*WORK TASK*. Retype the records that come next, word for word.

───── DATA

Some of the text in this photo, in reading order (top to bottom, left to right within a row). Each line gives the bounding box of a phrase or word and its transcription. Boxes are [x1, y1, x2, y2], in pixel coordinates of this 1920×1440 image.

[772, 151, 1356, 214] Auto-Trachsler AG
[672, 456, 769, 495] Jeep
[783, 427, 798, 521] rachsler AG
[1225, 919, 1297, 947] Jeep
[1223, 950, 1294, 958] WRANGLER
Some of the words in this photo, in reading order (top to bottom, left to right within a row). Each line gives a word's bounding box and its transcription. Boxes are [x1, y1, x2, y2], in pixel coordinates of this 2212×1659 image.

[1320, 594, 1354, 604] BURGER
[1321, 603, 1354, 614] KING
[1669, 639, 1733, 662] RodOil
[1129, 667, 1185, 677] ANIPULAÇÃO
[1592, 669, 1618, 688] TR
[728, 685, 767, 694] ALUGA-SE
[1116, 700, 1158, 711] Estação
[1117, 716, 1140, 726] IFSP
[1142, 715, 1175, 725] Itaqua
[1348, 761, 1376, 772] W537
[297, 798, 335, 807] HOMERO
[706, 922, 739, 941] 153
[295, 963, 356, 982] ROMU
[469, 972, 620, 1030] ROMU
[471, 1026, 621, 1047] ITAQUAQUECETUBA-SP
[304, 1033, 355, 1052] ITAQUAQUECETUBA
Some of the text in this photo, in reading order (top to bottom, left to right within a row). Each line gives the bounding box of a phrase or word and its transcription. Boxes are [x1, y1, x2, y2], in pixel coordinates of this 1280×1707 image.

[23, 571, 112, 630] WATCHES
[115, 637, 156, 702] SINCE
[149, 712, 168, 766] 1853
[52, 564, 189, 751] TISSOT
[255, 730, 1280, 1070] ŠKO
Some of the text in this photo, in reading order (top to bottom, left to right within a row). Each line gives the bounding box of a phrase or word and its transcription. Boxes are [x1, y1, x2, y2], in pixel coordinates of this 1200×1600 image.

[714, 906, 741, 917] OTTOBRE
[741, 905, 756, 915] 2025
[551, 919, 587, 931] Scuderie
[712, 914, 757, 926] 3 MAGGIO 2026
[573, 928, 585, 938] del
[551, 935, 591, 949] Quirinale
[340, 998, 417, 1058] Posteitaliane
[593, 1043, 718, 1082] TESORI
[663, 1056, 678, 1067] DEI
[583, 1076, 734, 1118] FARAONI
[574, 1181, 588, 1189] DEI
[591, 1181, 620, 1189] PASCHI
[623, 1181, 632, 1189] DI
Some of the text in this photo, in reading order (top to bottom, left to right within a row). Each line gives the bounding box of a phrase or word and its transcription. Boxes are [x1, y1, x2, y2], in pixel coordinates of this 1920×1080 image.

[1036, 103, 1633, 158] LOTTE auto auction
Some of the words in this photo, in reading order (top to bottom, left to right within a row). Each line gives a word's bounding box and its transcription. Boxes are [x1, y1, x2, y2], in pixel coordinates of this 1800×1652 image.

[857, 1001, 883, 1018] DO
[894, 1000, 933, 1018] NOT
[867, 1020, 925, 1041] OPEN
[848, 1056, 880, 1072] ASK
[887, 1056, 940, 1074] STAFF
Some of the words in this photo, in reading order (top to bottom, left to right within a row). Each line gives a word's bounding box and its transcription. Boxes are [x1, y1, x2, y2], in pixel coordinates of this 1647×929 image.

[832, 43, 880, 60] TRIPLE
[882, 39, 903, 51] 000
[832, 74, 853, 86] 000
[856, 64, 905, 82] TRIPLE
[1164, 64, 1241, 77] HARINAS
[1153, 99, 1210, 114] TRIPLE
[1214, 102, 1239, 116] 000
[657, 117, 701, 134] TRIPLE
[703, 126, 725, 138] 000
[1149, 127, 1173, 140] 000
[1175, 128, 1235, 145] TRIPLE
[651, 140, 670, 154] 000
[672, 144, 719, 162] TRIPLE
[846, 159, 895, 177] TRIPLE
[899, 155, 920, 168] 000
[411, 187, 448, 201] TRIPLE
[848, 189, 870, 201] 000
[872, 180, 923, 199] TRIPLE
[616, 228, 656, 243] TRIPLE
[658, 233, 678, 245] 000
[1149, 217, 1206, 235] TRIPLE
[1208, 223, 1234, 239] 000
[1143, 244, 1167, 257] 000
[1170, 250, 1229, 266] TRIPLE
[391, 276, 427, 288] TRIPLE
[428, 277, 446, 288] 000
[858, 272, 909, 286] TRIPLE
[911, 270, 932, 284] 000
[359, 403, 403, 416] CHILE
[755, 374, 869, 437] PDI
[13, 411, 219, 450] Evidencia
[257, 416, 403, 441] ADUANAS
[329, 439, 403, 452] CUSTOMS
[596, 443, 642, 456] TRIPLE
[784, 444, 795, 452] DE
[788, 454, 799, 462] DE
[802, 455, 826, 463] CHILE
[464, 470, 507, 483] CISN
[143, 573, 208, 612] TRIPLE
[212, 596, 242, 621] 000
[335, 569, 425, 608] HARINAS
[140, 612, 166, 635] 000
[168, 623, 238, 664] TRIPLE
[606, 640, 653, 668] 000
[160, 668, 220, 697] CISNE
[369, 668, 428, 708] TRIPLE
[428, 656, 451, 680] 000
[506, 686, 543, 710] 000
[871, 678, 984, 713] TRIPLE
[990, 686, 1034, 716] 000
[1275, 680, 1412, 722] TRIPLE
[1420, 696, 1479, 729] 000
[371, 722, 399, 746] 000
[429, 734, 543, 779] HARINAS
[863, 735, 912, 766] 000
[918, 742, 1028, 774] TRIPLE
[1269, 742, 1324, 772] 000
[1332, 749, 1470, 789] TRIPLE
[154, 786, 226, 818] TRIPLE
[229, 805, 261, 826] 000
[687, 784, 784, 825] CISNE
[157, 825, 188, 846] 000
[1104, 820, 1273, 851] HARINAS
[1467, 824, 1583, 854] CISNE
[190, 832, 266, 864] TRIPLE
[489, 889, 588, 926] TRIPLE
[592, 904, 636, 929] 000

──────────

*WRITTEN SOLUTION*.
Some of the text in this photo, in reading order (top to bottom, left to right within a row). Each line gives the bounding box of a phrase or word and its transcription. Boxes are [x1, y1, x2, y2], in pixel coordinates of this 1920×1440 image.

[772, 151, 1356, 214] Auto-Trachsler AG
[672, 456, 769, 495] Jeep
[783, 427, 798, 521] rachsler AG
[1225, 919, 1297, 947] Jeep
[1223, 950, 1294, 958] WRANGLER
Some of the words in this photo, in reading order (top to bottom, left to right within a row). Each line gives a word's bounding box and its transcription. Boxes are [x1, y1, x2, y2], in pixel coordinates of this 2212×1659 image.

[1320, 594, 1354, 604] BURGER
[1321, 603, 1354, 614] KING
[1669, 639, 1733, 662] RodOil
[1129, 667, 1185, 677] ANIPULAÇÃO
[1592, 669, 1618, 688] TR
[728, 685, 767, 694] ALUGA-SE
[1116, 700, 1158, 711] Estação
[1117, 716, 1140, 726] IFSP
[1142, 715, 1175, 725] Itaqua
[1348, 761, 1376, 772] W537
[297, 798, 335, 807] HOMERO
[706, 922, 739, 941] 153
[295, 963, 356, 982] ROMU
[469, 972, 620, 1030] ROMU
[471, 1026, 621, 1047] ITAQUAQUECETUBA-SP
[304, 1033, 355, 1052] ITAQUAQUECETUBA
Some of the text in this photo, in reading order (top to bottom, left to right within a row). Each line gives the bounding box of a phrase or word and its transcription. Boxes are [x1, y1, x2, y2], in pixel coordinates of this 1280×1707 image.

[23, 571, 112, 630] WATCHES
[115, 637, 156, 702] SINCE
[149, 712, 168, 766] 1853
[52, 564, 189, 751] TISSOT
[255, 730, 1280, 1070] ŠKO
Some of the text in this photo, in reading order (top to bottom, left to right within a row). Each line gives the bounding box of a phrase or word and its transcription. Boxes are [x1, y1, x2, y2], in pixel coordinates of this 1200×1600 image.

[714, 906, 741, 917] OTTOBRE
[741, 905, 756, 915] 2025
[551, 919, 587, 931] Scuderie
[712, 914, 757, 926] 3 MAGGIO 2026
[573, 928, 585, 938] del
[551, 935, 591, 949] Quirinale
[340, 998, 417, 1058] Posteitaliane
[593, 1043, 718, 1082] TESORI
[663, 1056, 678, 1067] DEI
[583, 1076, 734, 1118] FARAONI
[574, 1181, 588, 1189] DEI
[591, 1181, 620, 1189] PASCHI
[623, 1181, 632, 1189] DI
Some of the text in this photo, in reading order (top to bottom, left to right within a row). Each line gives the bounding box of a phrase or word and its transcription. Boxes are [x1, y1, x2, y2], in pixel coordinates of this 1920×1080 image.

[1036, 103, 1633, 158] LOTTE auto auction
Some of the words in this photo, in reading order (top to bottom, left to right within a row). Each line gives a word's bounding box and its transcription. Boxes are [x1, y1, x2, y2], in pixel coordinates of this 1800×1652 image.

[857, 1001, 883, 1018] DO
[894, 1000, 933, 1018] NOT
[867, 1020, 925, 1041] OPEN
[848, 1056, 880, 1072] ASK
[887, 1056, 940, 1074] STAFF
Some of the words in this photo, in reading order (top to bottom, left to right within a row). Each line gives a word's bounding box and its transcription. Boxes are [x1, y1, x2, y2], in pixel coordinates of this 1647×929 image.

[832, 43, 880, 60] TRIPLE
[882, 39, 903, 51] 000
[832, 74, 853, 86] 000
[856, 64, 905, 82] TRIPLE
[1164, 64, 1241, 77] HARINAS
[1153, 99, 1210, 114] TRIPLE
[1214, 102, 1239, 116] 000
[657, 117, 701, 134] TRIPLE
[703, 126, 725, 138] 000
[1149, 127, 1173, 140] 000
[1175, 128, 1235, 145] TRIPLE
[651, 140, 670, 154] 000
[672, 144, 719, 162] TRIPLE
[846, 159, 895, 177] TRIPLE
[899, 155, 920, 168] 000
[411, 187, 448, 201] TRIPLE
[848, 189, 870, 201] 000
[872, 180, 923, 199] TRIPLE
[616, 228, 656, 243] TRIPLE
[658, 233, 678, 245] 000
[1149, 217, 1206, 235] TRIPLE
[1208, 223, 1234, 239] 000
[1143, 244, 1167, 257] 000
[1170, 250, 1229, 266] TRIPLE
[391, 276, 427, 288] TRIPLE
[428, 277, 446, 288] 000
[858, 272, 909, 286] TRIPLE
[911, 270, 932, 284] 000
[359, 403, 403, 416] CHILE
[755, 374, 869, 437] PDI
[13, 411, 219, 450] Evidencia
[257, 416, 403, 441] ADUANAS
[329, 439, 403, 452] CUSTOMS
[596, 443, 642, 456] TRIPLE
[784, 444, 795, 452] DE
[788, 454, 799, 462] DE
[802, 455, 826, 463] CHILE
[464, 470, 507, 483] CISN
[143, 573, 208, 612] TRIPLE
[212, 596, 242, 621] 000
[335, 569, 425, 608] HARINAS
[140, 612, 166, 635] 000
[168, 623, 238, 664] TRIPLE
[606, 640, 653, 668] 000
[160, 668, 220, 697] CISNE
[369, 668, 428, 708] TRIPLE
[428, 656, 451, 680] 000
[506, 686, 543, 710] 000
[871, 678, 984, 713] TRIPLE
[990, 686, 1034, 716] 000
[1275, 680, 1412, 722] TRIPLE
[1420, 696, 1479, 729] 000
[371, 722, 399, 746] 000
[429, 734, 543, 779] HARINAS
[863, 735, 912, 766] 000
[918, 742, 1028, 774] TRIPLE
[1269, 742, 1324, 772] 000
[1332, 749, 1470, 789] TRIPLE
[154, 786, 226, 818] TRIPLE
[229, 805, 261, 826] 000
[687, 784, 784, 825] CISNE
[157, 825, 188, 846] 000
[1104, 820, 1273, 851] HARINAS
[1467, 824, 1583, 854] CISNE
[190, 832, 266, 864] TRIPLE
[489, 889, 588, 926] TRIPLE
[592, 904, 636, 929] 000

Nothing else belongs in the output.